We are supposed to live lives that mirror that of Jesus Christ, and by the definition above, He cursed quite frequently and famously. In no way am I saying Our Lord and Savior ever said "Hey, Bartholomew... could you please pass the motherfucking grape leaves?" - but I am saying He would say things that offended people to the core when He knew such a shock was necessary to make a point. In the parable of The Good Samaritan, He compared a Samaritan (a most loathed subculture to the Pharisees) favorably to two different rabbis... while in a room full of rabbi Pharisees. To give you a modern equivalent of this "cursing" may cause me to go all Heath-Ledger-after-the-Joker since it would require plunging into a depth of depravity from which there would be no sane return. Similarly, the parable of the Prodigal Son boldly pointed out the impropriety of self-righteousness and legalism in a room full of self-righteous lawyers. Such strong language was required to shock people out of their comfort zones - to kick open a window into the Big Picture. God's *real* plan did not exclusively benefit the power structure of the time, and the only way to get the Powers That Be to see that was to take the floor out from under them through strong language.

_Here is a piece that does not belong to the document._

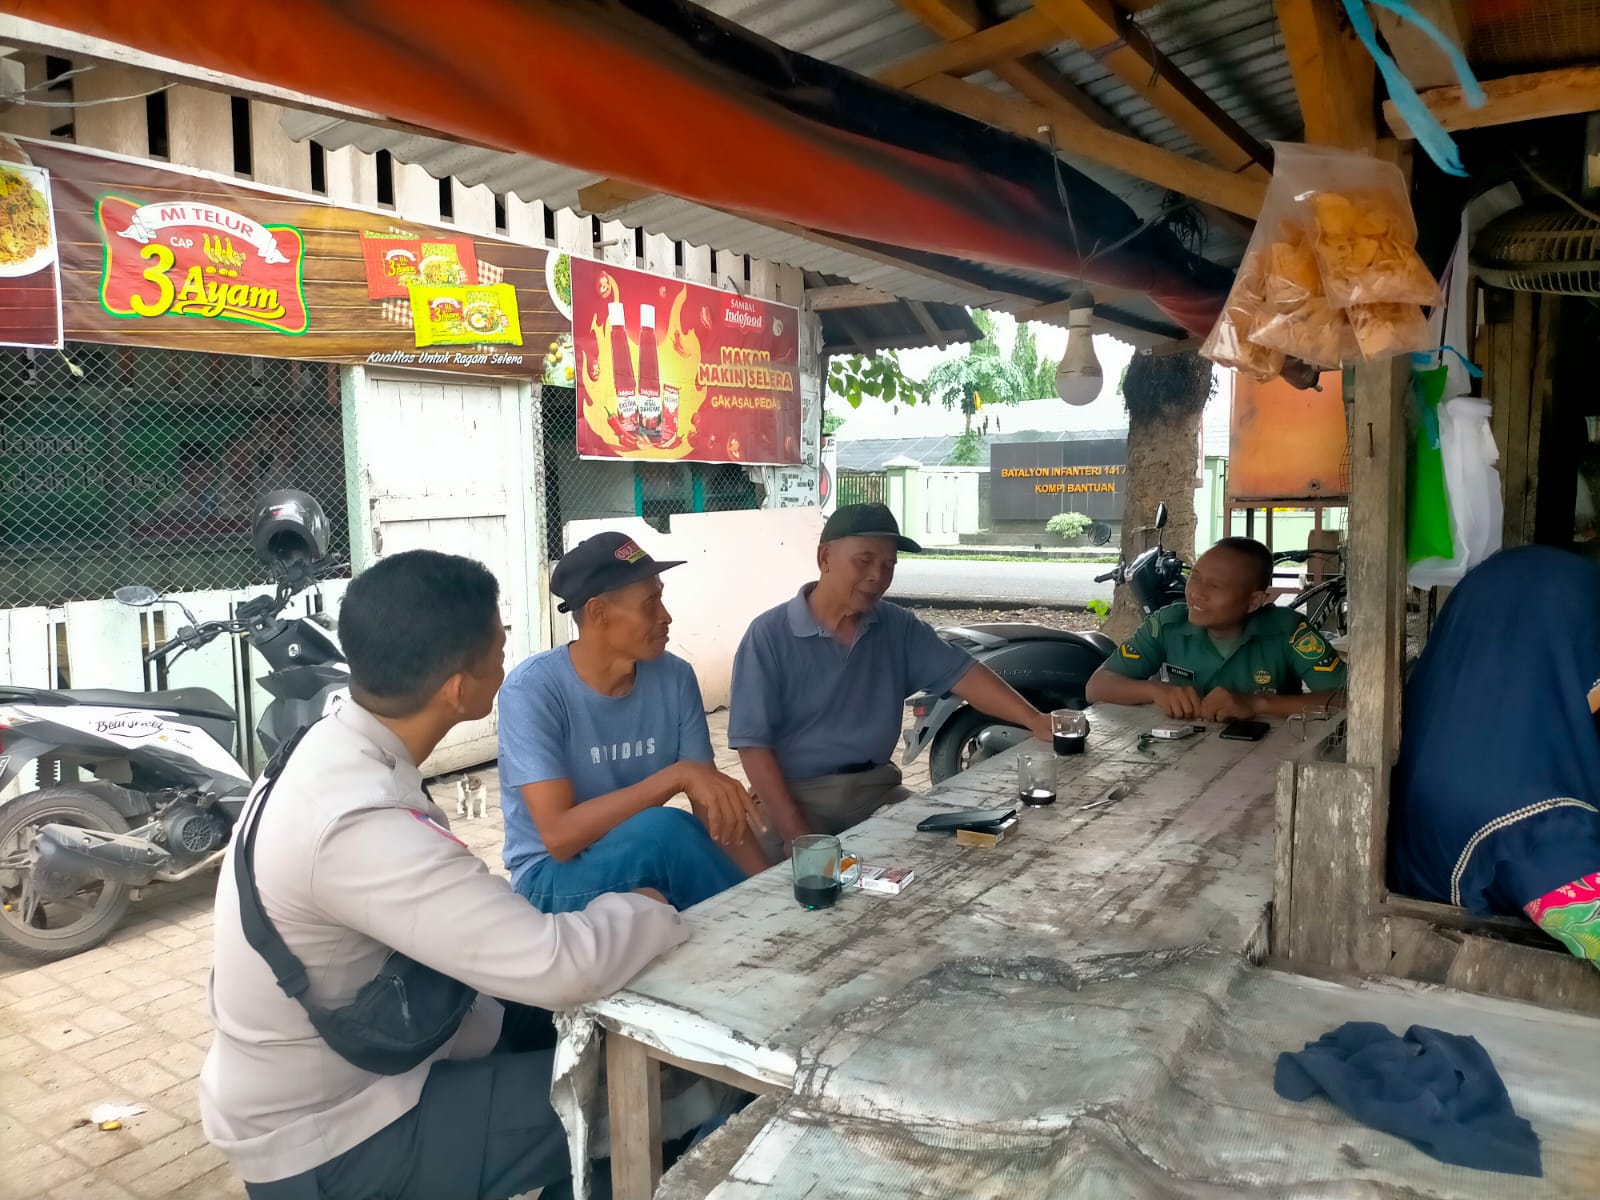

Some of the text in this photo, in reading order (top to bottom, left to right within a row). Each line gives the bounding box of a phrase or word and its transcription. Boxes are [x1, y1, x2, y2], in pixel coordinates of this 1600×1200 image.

And while we're at it, smartassedness can also be an effective language tool which many would find at least disrespectful if not offensive. When backed into an apparent rhetorical corner as to whether Jews should fund Roman oppression by paying taxes or violating earthly law by refusing, Jesus famously asked them to look at their coins and ask whose face was upon it. Since it was Caesar's face, He said "well, it must be his, then... so give to Caesar what is Caesar's and give to God what belongs to God." Nowadays we know why He said what He did and what He meant by it, but in His day that was a major smartass comment. The visual of "look at the coin" was a stark and efficient way of making His point. To explain the complete reasoning behind it would take a lot more time than the rabbis and Romans were willing to allow - painting a picture through smartassery got the job done.

On the whole, yes we should avoid offending people with our words. Acceptible speech is a very good way to appeal to polite society and represent Him to them. But when politeness is valued more than truth, it may become time to bring the big verbal guns.